Tout cela s’ajoute au fait qu’elle fournit aussi des moyens aux capitalistes pour mieux exploiter les travailleurs. Peter Skott et Frederick Guy montrent comment les technologies comme la vidéosurveillance, la containerisation et les codes-barres ont permis aux patrons de réduire les salaires ; le management algorithmique dont parle Sarah en est une extension.

Il n’y a, bien sûr, rien de nouveau ici. Ceux qui soutenaient l’oppression des travailleurs au dix-neuvième siècle affirmaient que les travailleurs devaient être intimement surveillés parce qu’il serait trop coûteux de ne pas faire tourner, même temporairement, une machinerie valant plusieurs milliers de livres sterling. James Carey décrit la façon par laquelle le télégraphe "a transformé le colonialisme en impérialisme : un système dans lequel le centre d’un empire peut transmettre davantage d’ordres et ne plus se contenter de répondre à la marge". Et, plus récemment, la containerisation a facilité la mondialisation et donc le déversement dans la main-d’œuvre mondiale de millions de travailleurs bon marché.

Est-ce qu’il peut y avoir une contre-réaction ici ? Rene Chun a décrit comment les caisses automatiques encouragent le vol à l’étalage en amenant les gens à se sentir anonymes.
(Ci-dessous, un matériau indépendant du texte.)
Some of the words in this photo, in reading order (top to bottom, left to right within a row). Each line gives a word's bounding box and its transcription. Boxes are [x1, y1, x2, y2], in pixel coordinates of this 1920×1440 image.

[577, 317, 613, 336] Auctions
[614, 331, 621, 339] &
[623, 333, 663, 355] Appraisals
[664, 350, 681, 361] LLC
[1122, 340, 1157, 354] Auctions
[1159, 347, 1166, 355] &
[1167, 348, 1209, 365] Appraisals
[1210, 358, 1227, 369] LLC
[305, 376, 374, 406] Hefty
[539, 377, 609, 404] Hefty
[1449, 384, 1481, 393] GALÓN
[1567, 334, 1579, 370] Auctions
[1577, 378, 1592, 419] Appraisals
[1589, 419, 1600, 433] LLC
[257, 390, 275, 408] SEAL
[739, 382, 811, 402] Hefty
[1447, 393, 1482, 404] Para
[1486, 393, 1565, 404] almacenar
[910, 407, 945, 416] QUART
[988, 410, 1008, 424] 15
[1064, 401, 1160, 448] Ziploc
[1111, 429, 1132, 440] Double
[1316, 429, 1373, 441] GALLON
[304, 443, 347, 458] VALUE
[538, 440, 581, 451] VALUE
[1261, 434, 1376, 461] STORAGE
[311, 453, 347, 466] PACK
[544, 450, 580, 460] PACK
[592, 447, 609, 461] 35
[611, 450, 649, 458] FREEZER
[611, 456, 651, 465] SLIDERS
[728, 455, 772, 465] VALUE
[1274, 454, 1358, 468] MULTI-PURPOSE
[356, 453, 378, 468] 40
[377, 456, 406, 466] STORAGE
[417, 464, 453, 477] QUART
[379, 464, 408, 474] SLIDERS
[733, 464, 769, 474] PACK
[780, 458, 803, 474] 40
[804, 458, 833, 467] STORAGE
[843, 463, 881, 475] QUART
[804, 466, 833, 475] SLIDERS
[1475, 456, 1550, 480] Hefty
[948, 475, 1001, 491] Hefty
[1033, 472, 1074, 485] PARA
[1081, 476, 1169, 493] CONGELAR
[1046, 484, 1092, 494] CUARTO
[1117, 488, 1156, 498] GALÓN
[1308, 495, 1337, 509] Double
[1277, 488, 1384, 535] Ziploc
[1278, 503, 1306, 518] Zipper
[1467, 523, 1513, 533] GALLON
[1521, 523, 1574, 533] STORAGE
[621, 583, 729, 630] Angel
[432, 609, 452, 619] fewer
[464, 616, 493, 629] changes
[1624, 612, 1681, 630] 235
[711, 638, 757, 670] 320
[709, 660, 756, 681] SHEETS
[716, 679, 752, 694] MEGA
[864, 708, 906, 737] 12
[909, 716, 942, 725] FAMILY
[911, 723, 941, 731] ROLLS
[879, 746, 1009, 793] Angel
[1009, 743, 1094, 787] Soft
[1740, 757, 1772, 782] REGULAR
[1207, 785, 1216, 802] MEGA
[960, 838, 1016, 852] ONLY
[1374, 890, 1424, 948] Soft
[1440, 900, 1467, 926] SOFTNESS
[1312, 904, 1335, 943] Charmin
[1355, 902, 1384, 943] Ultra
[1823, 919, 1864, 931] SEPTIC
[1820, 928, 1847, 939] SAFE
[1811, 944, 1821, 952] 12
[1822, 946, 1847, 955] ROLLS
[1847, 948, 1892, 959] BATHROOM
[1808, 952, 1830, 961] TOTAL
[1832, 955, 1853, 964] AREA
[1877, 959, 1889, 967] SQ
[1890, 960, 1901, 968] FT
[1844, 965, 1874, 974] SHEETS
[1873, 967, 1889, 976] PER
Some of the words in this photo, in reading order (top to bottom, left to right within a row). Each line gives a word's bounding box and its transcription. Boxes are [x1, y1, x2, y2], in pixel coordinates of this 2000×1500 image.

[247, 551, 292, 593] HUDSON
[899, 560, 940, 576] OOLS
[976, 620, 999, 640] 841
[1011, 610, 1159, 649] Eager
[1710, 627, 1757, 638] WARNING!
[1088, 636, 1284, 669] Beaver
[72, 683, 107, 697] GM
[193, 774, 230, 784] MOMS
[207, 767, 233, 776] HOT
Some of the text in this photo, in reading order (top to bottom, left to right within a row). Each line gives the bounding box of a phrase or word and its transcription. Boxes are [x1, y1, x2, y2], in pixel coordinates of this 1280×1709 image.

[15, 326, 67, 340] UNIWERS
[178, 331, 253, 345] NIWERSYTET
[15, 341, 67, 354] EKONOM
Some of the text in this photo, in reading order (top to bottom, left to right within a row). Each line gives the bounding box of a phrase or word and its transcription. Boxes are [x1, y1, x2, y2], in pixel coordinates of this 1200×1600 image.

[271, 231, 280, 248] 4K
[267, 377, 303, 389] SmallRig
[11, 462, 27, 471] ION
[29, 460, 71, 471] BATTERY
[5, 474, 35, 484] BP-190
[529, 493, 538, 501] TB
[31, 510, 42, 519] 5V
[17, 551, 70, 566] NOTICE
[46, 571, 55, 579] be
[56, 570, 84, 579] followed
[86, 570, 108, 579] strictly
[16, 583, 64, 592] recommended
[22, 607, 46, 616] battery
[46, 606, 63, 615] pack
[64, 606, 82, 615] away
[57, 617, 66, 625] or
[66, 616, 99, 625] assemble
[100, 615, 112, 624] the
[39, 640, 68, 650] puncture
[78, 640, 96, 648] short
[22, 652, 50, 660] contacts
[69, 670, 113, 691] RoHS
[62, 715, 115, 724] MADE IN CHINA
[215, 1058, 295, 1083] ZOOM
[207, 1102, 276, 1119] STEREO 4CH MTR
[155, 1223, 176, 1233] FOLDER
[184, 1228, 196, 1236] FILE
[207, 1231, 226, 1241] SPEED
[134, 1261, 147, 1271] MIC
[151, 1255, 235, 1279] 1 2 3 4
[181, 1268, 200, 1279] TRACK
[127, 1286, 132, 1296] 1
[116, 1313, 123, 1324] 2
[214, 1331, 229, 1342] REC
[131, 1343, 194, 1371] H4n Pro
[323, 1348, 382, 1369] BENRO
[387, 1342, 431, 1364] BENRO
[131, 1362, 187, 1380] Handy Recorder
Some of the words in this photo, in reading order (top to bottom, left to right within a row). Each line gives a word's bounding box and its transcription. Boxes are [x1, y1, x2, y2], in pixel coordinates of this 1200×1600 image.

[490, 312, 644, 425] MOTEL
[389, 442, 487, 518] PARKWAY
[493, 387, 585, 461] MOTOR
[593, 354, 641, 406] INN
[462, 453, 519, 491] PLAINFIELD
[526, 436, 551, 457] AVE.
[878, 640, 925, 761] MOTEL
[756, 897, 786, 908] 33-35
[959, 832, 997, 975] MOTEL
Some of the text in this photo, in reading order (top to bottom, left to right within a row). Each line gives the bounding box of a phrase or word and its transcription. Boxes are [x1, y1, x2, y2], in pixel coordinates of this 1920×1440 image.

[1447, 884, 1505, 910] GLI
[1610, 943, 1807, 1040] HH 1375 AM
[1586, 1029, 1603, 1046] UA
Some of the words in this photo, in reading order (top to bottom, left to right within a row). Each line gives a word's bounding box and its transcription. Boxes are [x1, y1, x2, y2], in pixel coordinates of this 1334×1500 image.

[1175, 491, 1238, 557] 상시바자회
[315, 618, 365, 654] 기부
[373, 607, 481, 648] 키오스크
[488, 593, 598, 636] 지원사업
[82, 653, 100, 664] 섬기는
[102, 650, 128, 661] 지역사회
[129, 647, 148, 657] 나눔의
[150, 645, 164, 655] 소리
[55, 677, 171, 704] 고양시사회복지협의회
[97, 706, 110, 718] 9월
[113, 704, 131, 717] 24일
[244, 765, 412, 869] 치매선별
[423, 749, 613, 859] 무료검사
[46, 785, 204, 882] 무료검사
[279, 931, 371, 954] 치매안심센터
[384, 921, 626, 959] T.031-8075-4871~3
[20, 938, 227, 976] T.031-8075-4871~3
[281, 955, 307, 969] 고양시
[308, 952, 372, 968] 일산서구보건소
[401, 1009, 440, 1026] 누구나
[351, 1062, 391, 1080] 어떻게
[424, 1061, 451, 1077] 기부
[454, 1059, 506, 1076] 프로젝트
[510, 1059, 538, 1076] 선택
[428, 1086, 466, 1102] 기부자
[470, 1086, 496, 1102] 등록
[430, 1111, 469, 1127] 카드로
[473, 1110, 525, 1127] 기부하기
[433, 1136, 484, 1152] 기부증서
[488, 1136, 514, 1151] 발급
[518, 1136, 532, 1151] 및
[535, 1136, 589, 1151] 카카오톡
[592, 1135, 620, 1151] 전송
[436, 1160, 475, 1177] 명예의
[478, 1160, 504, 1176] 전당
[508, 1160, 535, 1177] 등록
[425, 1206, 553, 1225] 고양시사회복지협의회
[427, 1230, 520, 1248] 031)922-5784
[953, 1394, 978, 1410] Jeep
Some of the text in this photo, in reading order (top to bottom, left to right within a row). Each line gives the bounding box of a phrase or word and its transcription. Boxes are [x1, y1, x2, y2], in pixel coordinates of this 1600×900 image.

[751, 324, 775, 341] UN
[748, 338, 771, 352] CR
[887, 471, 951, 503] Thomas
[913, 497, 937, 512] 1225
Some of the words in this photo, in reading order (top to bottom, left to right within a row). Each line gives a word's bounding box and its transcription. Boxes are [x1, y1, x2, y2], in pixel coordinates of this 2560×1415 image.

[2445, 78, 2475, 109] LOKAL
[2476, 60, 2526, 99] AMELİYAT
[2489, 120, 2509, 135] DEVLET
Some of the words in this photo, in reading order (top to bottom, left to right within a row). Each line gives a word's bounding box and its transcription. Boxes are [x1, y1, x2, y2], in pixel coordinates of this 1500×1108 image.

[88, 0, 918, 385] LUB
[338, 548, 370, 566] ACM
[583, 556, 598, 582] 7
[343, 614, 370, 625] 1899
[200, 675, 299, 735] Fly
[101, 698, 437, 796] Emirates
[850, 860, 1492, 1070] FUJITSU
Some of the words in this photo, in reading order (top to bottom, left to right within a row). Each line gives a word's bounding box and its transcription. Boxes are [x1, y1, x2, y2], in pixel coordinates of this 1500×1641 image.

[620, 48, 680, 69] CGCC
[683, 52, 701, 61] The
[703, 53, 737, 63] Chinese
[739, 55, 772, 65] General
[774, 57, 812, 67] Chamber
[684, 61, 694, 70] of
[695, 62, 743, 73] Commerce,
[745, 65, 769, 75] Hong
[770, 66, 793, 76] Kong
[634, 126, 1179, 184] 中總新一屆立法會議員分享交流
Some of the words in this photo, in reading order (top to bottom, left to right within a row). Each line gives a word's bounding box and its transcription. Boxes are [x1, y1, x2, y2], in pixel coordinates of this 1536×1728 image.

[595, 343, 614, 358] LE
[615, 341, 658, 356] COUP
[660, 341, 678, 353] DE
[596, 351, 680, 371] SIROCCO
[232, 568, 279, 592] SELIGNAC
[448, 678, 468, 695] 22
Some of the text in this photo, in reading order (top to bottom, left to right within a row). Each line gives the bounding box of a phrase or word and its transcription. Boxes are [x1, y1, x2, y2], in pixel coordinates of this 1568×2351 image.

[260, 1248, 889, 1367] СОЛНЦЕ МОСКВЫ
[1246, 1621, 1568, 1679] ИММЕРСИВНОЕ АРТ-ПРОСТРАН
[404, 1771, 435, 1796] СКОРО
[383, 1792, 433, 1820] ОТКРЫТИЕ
L’échange de dons partiel (qui est le fondement de plusieurs transactions économiques) se passe entre des êtres humains, non entre des gens et une machine.

Ce que je veux souligner ici, c’est une vieille idée assez simple, que l’on a eu tendance, je le crains, à minorer. C’est l’idée selon laquelle la technologie n’est pas seulement un ensemble de possibilités neutre permettant d’améliorer la condition humaine. Elle contribue grandement à façonner la réalité des rapports de classes et notre perception de ces derniers, souvent d’une façon assez imprévisible. »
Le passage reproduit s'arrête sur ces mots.